Respondent filed a motion for summary judgment on October 14, 2011. By order filed October 14, 2011, pursuant to Roseboro v. Garrison, 528 F.2d 309 (4 Cir. 1975), Movant was advised of the summary judgment procedures and the possible consequences if he failed to respond adequately. Movant filed a response in opposition to Respondent's motion on October 26, 2011. On December 20, 2011, the court issued an order in which it determined that Movant's claims could have been raised on direct appeal, and that the claims were procedurally defaulted. Accordingly, the court granted Respondent's motion for summary judgment and denied Movant's § 2255 motion.

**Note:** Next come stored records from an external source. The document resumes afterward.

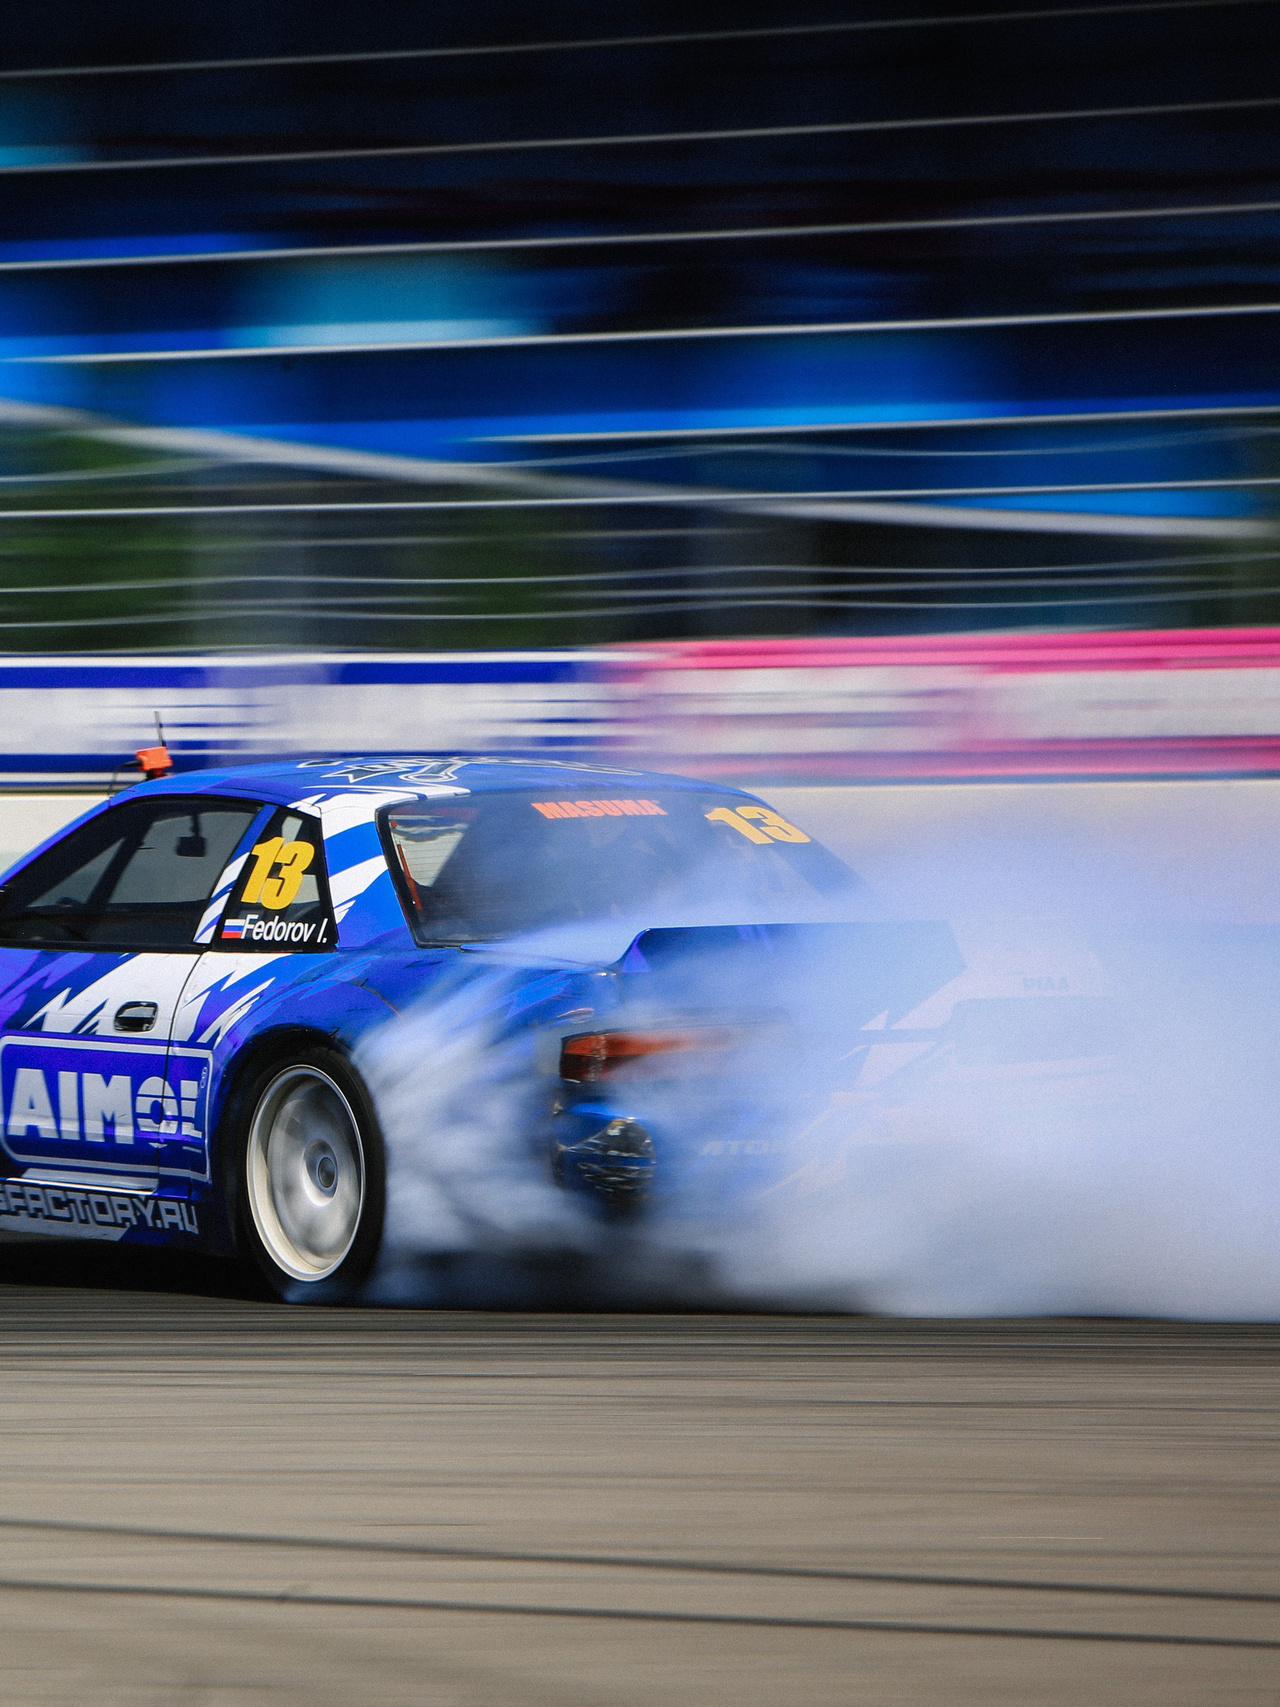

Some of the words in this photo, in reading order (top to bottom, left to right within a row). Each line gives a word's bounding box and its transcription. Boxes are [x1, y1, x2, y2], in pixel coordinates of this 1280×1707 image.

[531, 800, 668, 819] MASUMA
[704, 806, 811, 844] 13
[240, 836, 315, 910] 13
[241, 914, 316, 942] Fedorov
[317, 918, 328, 943] I.
[7, 1067, 203, 1153] AIMOL

This matter now is before the court on motion under § 2255 to vacate, set aside, or correct sentence, which motion was filed by Movant on March 11, 2013. Movant raises the following grounds for relief:

1. Victim Perjury, misinforming the government, and or stating facts now known to be inaccurate. 1. Victim Alltel, without legal transfer application through the court was out of existence as a single entity, at time of charges,
and at time of judgement. 2. Evidence presented to the government in aggravated lost was over stated, and manufactured by the victim, but not realized by the government. I.E. The evidence within the governments possession from Alltel, provided by Alltel indicates by written document, that ownership of 250 individual units of the 273 units stated never were transferred to the defendant, but by evidence, only remained within the complete control, and possession of Alltel, its agents and employees, which based upon that document took possession by signiture affixed. 3. By attached letter, and letter head letter within the case file presented to the Defense attorney, the debt in total of any and all related charges personal or business has never exceed ($4077.94), and sold to AFNI Incorporated 1310 Martin Luther King Drive, Bloomington, IL 61702. By such debt in settlement as stated, this debt in accordance with foregone payments has been satisfied in full. (ECF No. 66, p. 4.)
2. Misrepresentation of amount of units obtained, and thereby misrepresented amount of loss. The aggravated loss wasn't as stated in the informational of ($117,054.37) but by document attached at maximum only $4077.94. In accordance with United States Tax Code, Alltel in such dissolution, as stated in documents approved by the United States Justice Department, and the Federal Trade Commission, transferred no carrier debt in the sale to Verizon, such debt was absorbed in dissolution tax expenditures, not limited to sale of past due debts to collection organizations, and total authorized business loss expenditures. With current settlement offer having been paid in excess through the court as of th is date, and their by such restitution should be completely relieved immediately. (Id. at p. 6.)
3. The aggravated units within the defendants possession as stated, by invoice, is only 23 units. In support of the total units, as per the record will reflect by the evidence provided by Alltel, during the course of the investigation. The evidence will reflect that usage, and total charges did not exceed aggravated loss or consumption of more than $1000.00, the charges at best would have be proceeded as a misdeameanor, rather than a felony. Alltel in its information provided manufactured evidence, in scope of time, the time period was not within a one year continuious period, which in effects destroys the elements of the judgement. (Id. at p. 8.)
4. 18 U.S.C. 1623 against Alltel. Presenting material false statements under oath before or ancillary to federal court or grand jury proceedings. A third, 18 U.S.C. 1622 (subornation of perjury), prohibits inducing or procuring another to commit perjury in violation of either Section 1621 or Section 1623. 1. Alltel in presentation presented knowingly evidence of units in total when the evidence provided indicates that those units remained within their
own employees, and location, by invoice. 2. Alltel intentionally misrepresented time lines to fit statue, while factual information would insist that those time lines didn't exist, within the requirement of the statue. 3. Alltel intentionally place value upon produces or goods, knowingly that such good had no value, on presentment to defendant, or such value was paid during transaction. 4. Alltel intentionally made such charges or complain having already or within the process of recieving consideration in funds from AFNI Inc. and subsequently attempted to get paid twice. (Id. at p. 9.)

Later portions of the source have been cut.